Is there any data format that supports incremental writes and allows flush to the file after the write? I find julia-arrow support incremental writes here: refactor Arrow.write to support incremental writes by baumgold · Pull Request #277 · apache/arrow-julia · GitHub

but it does not allow me to flush io to the file after the write without closing the file io. Any idea if this is supported? Or is there a different format allows me to do this?

ASDF - the Advanced Scientific Data Format AFAIK has streaming writes, at least according to Low-level file layout — ASDF Standard 1.6.0 documentation / Introduction — ASDF Standard 1.6.0 documentation
Don’t know about the flushing, though.

There’s a Julia package by @schnetter at GitHub - eschnett/ASDF.jl: A Julia implementation of the Advanced Scientific Data Format (ASDF), but I don’t know its status.

Why can’t you flush after an incremental write w/ Arrow.jl? You can pass your own IO to Arrow.append and then call flush(io) yourself?

I tried that but somehow didn’t work? e.g

using Arrow
using Tables

row_A = (field=[1.0, 2.0], temp=[1.0, 1.0], energy=[-0.0, -0.0])
row_B = (field=[3.0, 2.0], temp=[1.0, 1.0], energy=[-0.0, -0.0])

io = open("test.arrow", "w")
Arrow.append(io, row_A)
flush(io)
tbl = Arrow.Table("test.arrow") # this has two rows
Arrow.append(io, row_B)
flush(io)
tbl = Arrow.Table("test.arrow") # this still have two rows does not have B
close(io)
1 Like

ASDF.jl should be working, but I am not using it any more. I switched to using ADIOS2.jl as file format, which has many more features.

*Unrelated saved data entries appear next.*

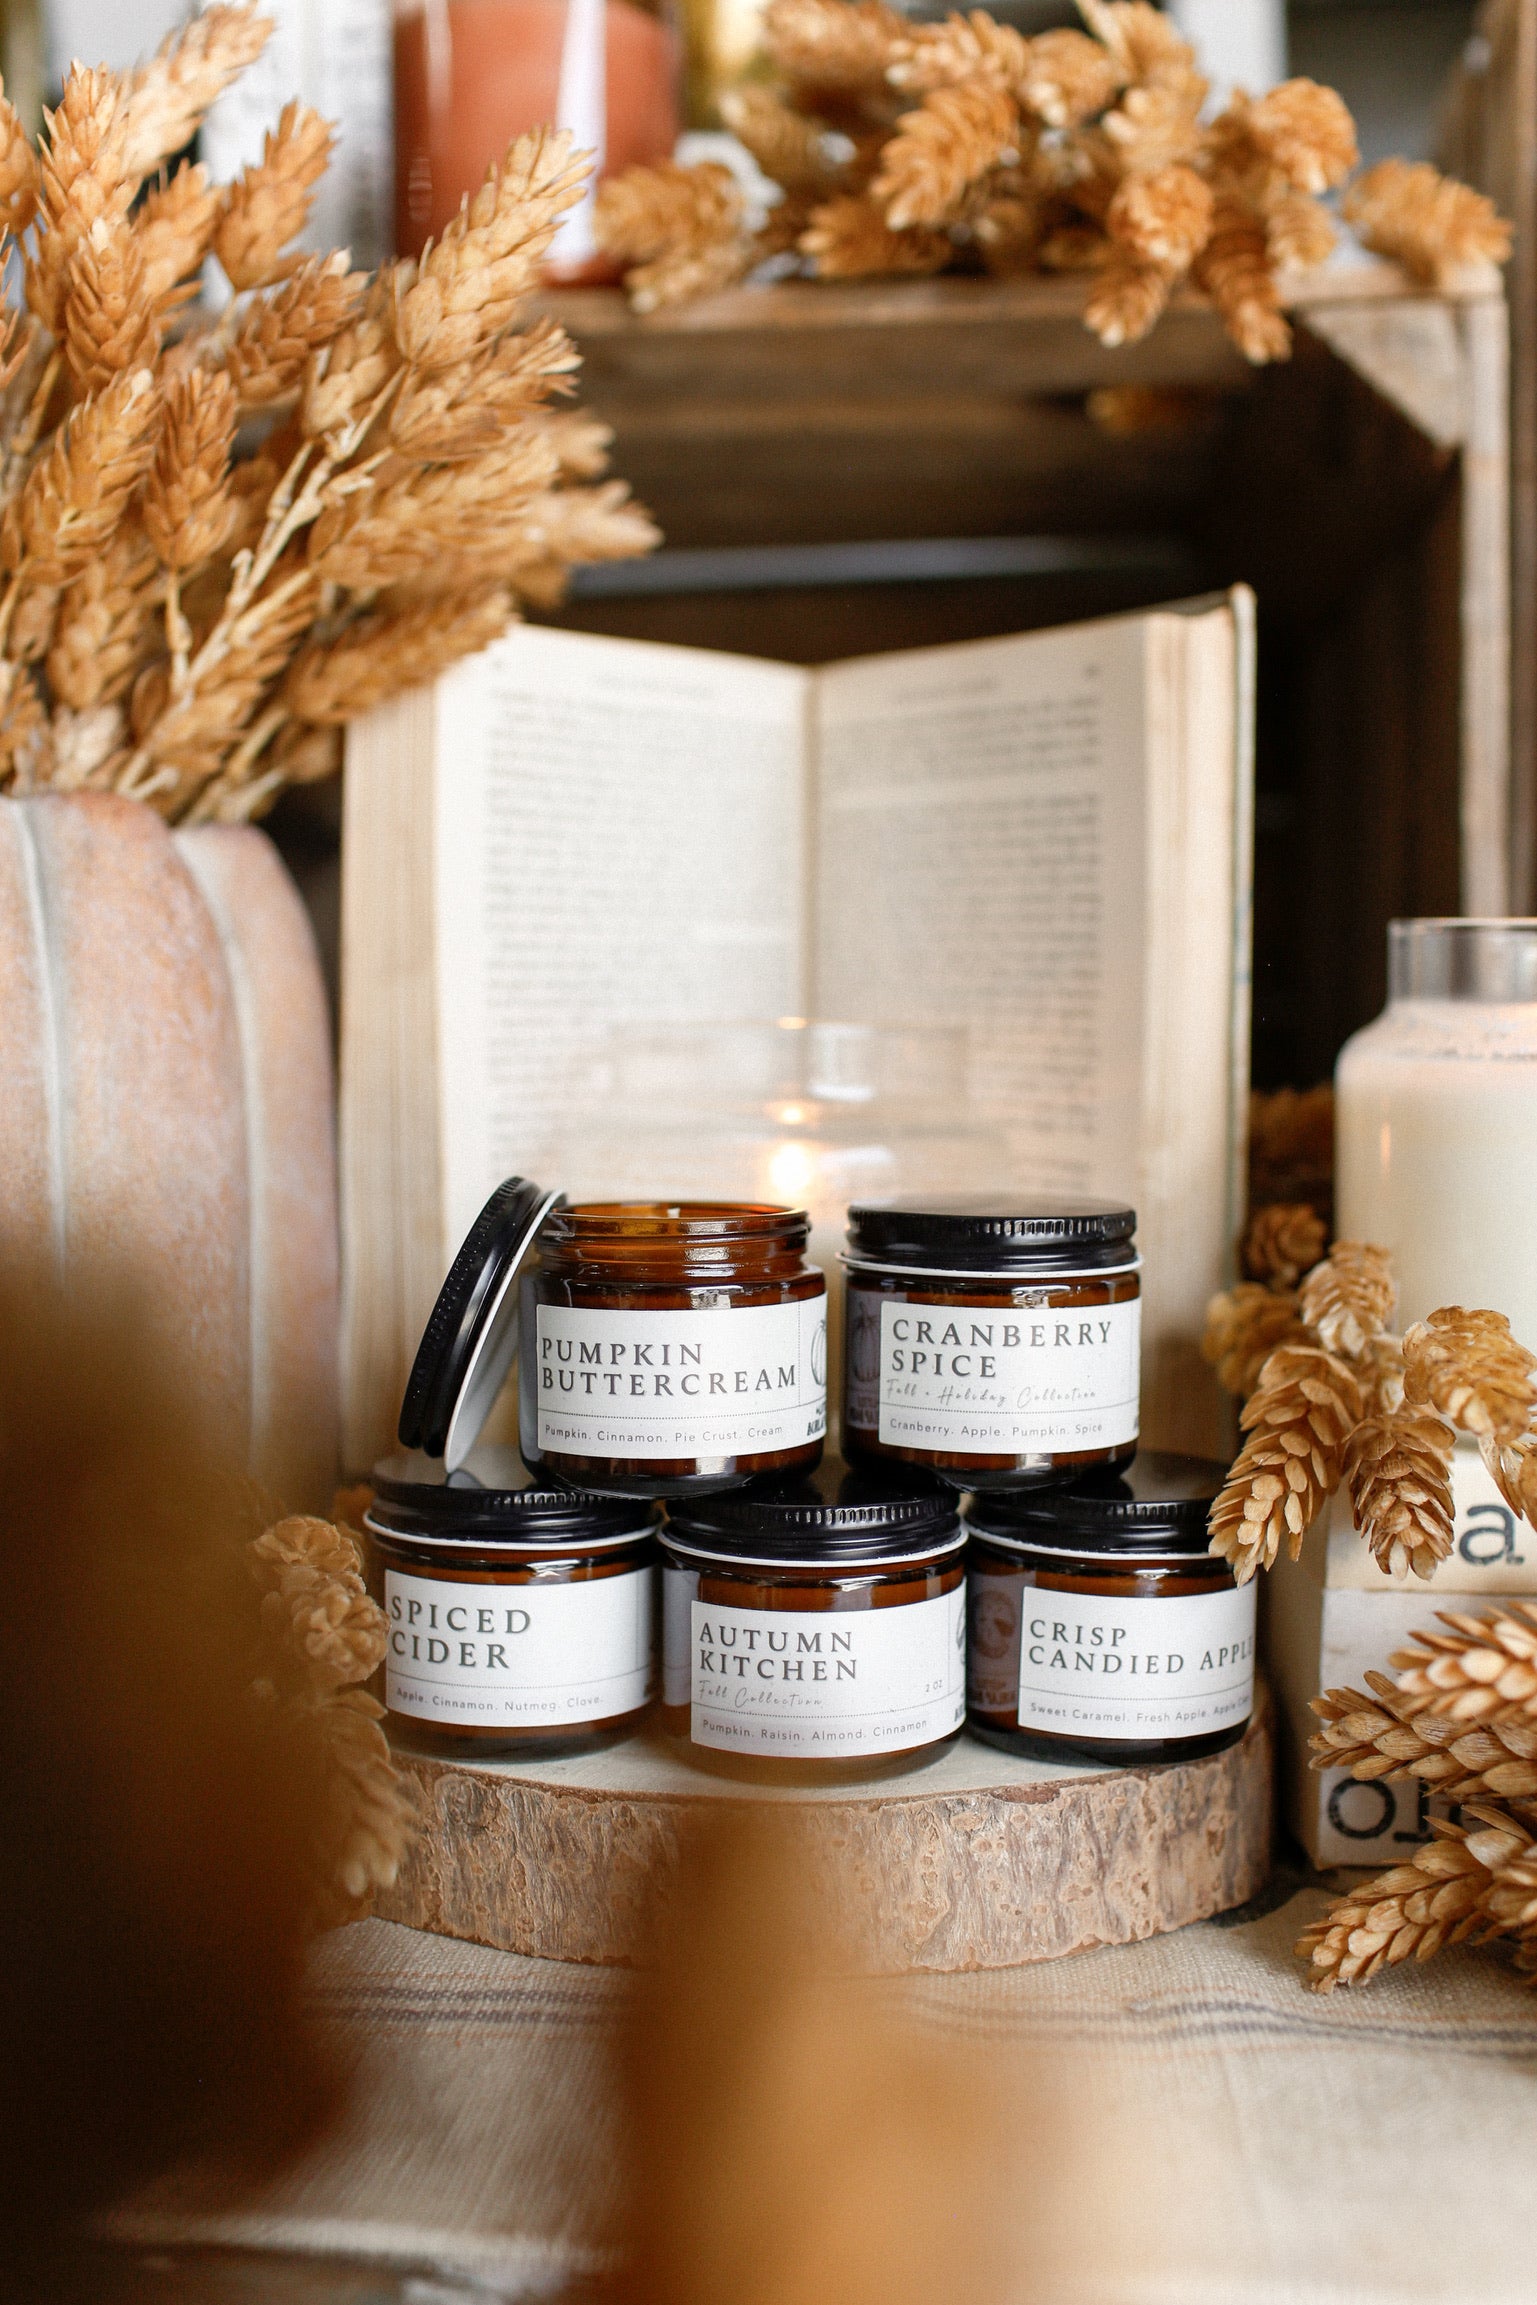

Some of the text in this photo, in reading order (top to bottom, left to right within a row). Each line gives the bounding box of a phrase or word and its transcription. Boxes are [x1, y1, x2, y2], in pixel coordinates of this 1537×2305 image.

[893, 1319, 1112, 1347] CRANBERRY
[542, 1337, 702, 1366] PUMPKIN
[892, 1350, 997, 1378] SPICE
[542, 1365, 796, 1396] BUTTERCREAM
[886, 1378, 1096, 1409] Fall Holiday Collection
[675, 1432, 696, 1443] Pie
[748, 1425, 783, 1438] Cream
[1075, 1422, 1103, 1436] Spice
[391, 1595, 532, 1635] SPICED
[699, 1622, 853, 1653] AUTUMN
[1030, 1619, 1127, 1648] CRISP
[391, 1630, 511, 1670] CIDER
[1029, 1645, 1185, 1674] CANDIED
[699, 1649, 857, 1682] KITCHEN
[698, 1680, 823, 1708] Fall Collection
[1031, 1702, 1067, 1719] Sweet
[1137, 1712, 1170, 1724] Fresh
[873, 1719, 928, 1737] Cinnamon

I am using ADIOS2 when running simulations of PDEs. Every few iterations one writes some variables to the file and flushes them. This use case is very efficient with ADIOS2. In other respects, ADIOS2 is similar to HDF5, in that it is designed to hold multi-dimensional arrays with attributes.

-erik

I suspect what’s happening there is file is flushed (check file size?), but the metadata isn’t updated until file is closed.

this is very common, we don’t want to re-locate / re-write metadata chunk every time we flush I think?

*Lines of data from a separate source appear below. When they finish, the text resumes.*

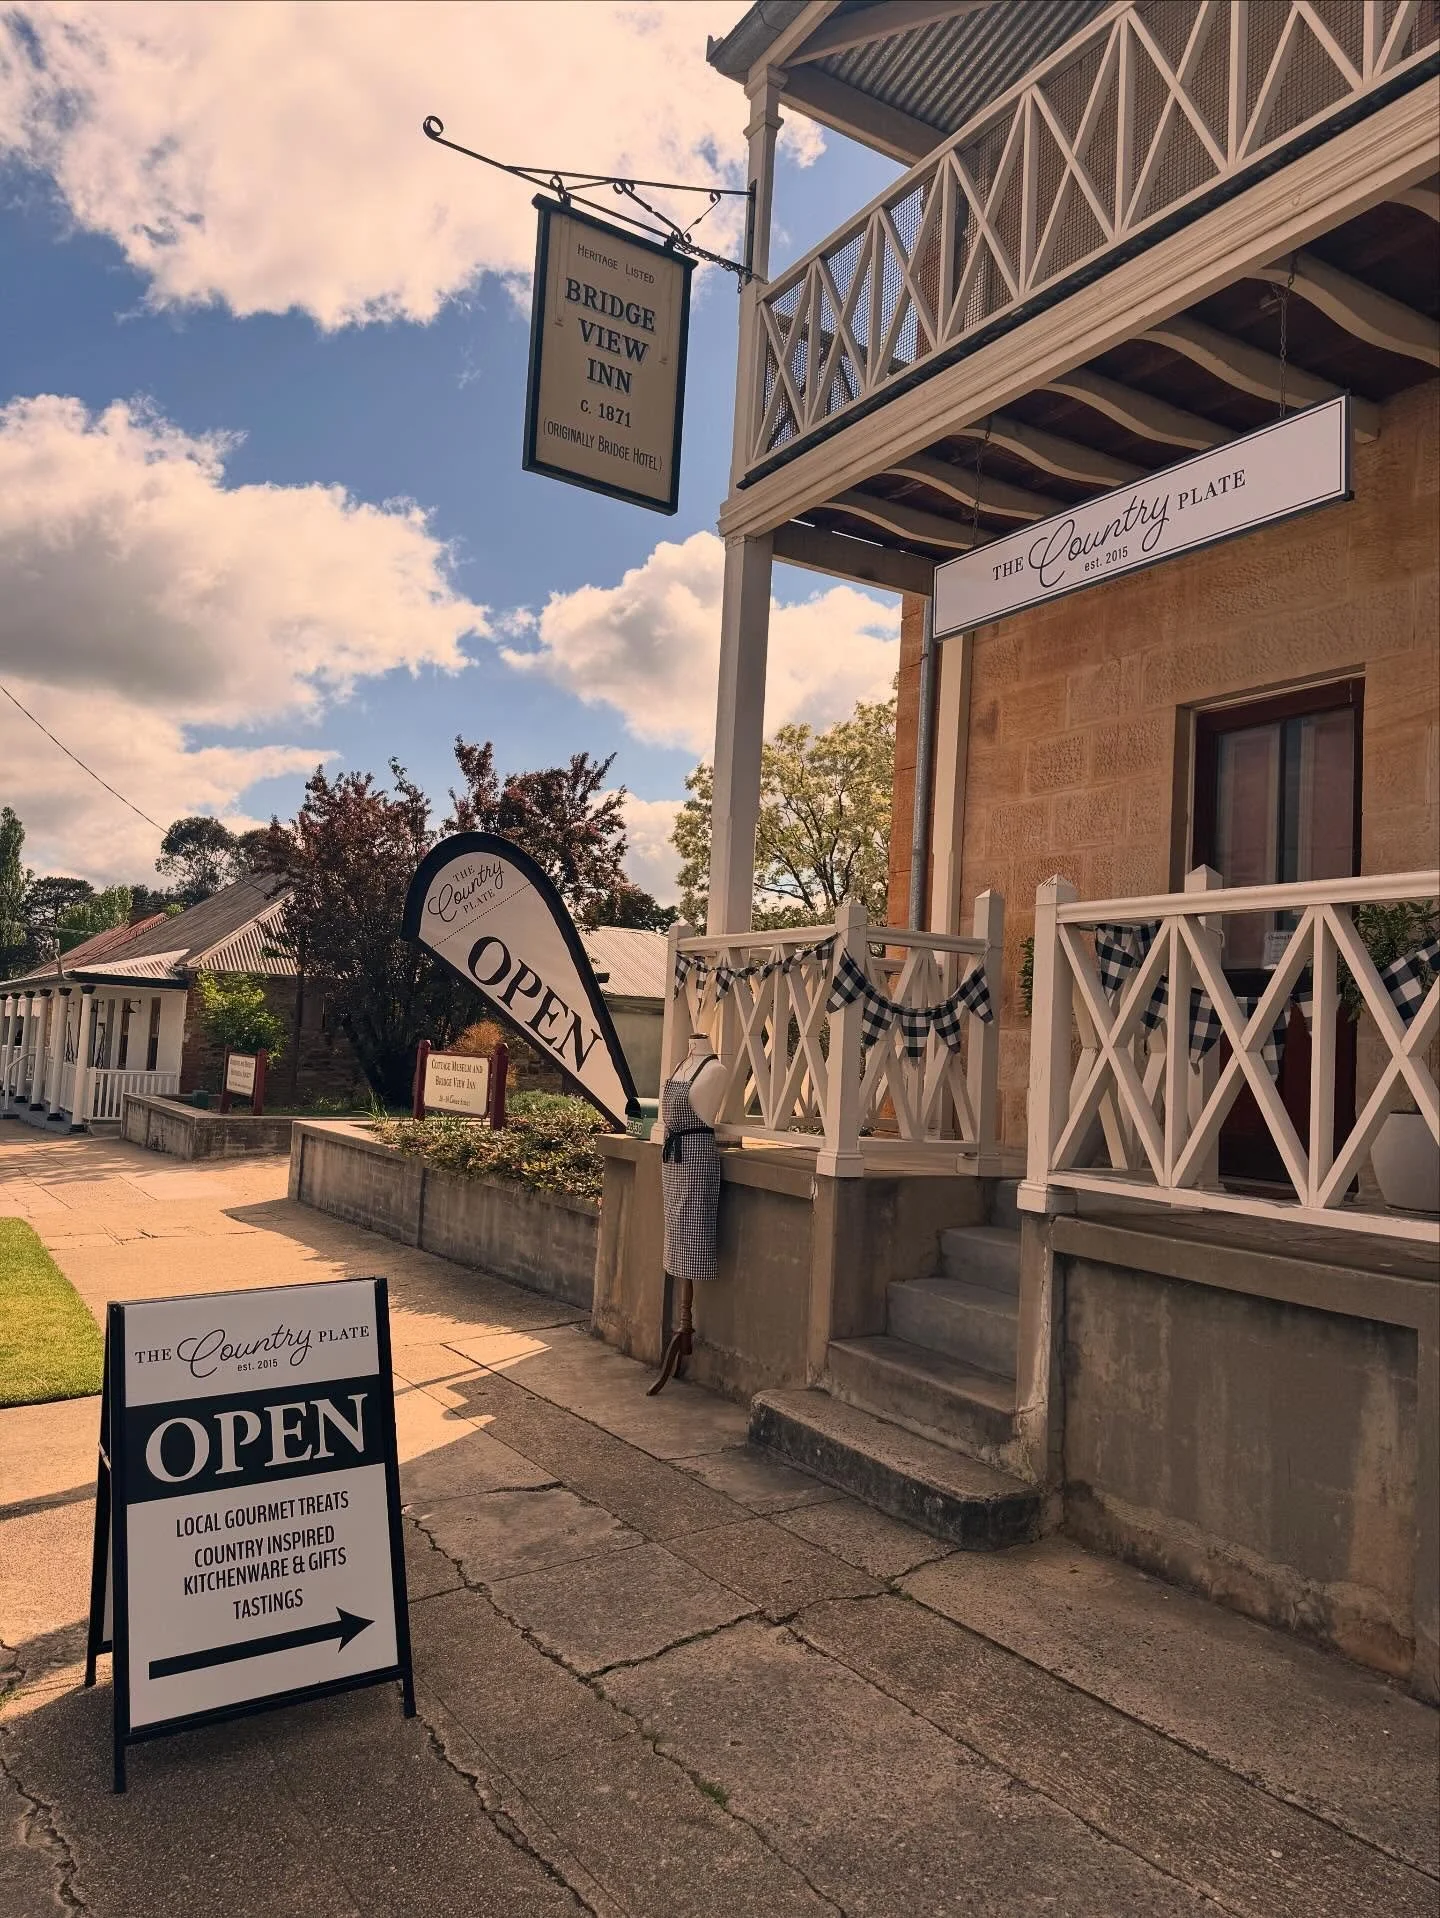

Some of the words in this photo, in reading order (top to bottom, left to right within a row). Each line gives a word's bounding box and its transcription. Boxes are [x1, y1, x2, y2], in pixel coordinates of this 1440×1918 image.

[577, 243, 618, 270] HERITAGE
[625, 263, 655, 285] LISTED
[565, 277, 656, 333] BRIDGE
[577, 317, 649, 363] VIEW
[587, 357, 632, 394] INN
[598, 402, 632, 428] 1871
[543, 416, 595, 450] (ORIGINALLY
[598, 434, 631, 461] BRIDGE
[632, 447, 664, 472] HOTEL)
[992, 556, 1025, 582] THE
[1028, 494, 1171, 589] Country
[1177, 469, 1247, 511] PLATE
[1084, 554, 1102, 573] est.
[1105, 546, 1129, 568] 2015
[427, 860, 505, 923] Country
[452, 863, 476, 883] THE
[462, 888, 496, 915] PLATE
[467, 936, 603, 1073] OPEN
[134, 1348, 172, 1364] THE
[176, 1324, 313, 1378] Country
[318, 1325, 370, 1343] PLATE
[237, 1362, 255, 1372] est.
[257, 1358, 278, 1370] 2015
[145, 1393, 368, 1483] OPEN
[176, 1512, 222, 1538] LOCAL
[224, 1499, 296, 1530] GOURMET
[298, 1490, 350, 1517] TREATS
[194, 1537, 264, 1568] COUNTRY
[266, 1525, 335, 1555] INSPIRED
[183, 1557, 290, 1596] KITCHENWARE
[293, 1555, 305, 1574] &
[308, 1546, 348, 1572] GIFTS
[233, 1588, 304, 1620] TASTINGS

I mean if that’s the case how do I read my data back if my program crash without metadata?

Thanks! This seems to be what I want

I don’t know if Arrow.jl is at fault here (our implementation is bad) or it’s a general Arrow design issue – they may not have crash recovery as a design goal.

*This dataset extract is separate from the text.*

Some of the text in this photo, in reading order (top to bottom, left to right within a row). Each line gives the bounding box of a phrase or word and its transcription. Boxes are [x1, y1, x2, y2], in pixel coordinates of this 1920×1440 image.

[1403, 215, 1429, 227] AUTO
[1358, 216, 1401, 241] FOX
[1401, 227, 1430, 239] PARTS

For the closely related Parquet format, it seems to be a thing: Error Recovery | Apache Parquet

1 Like

OK, I think I just did this on my own - a custom data format that given the data I’d like to flush to disk is quite simple. I don’t believe Arrow works out for me in the end. But still thanks to everyone’s replies here.

@quinnj I think it’s pretty important to support incremental write?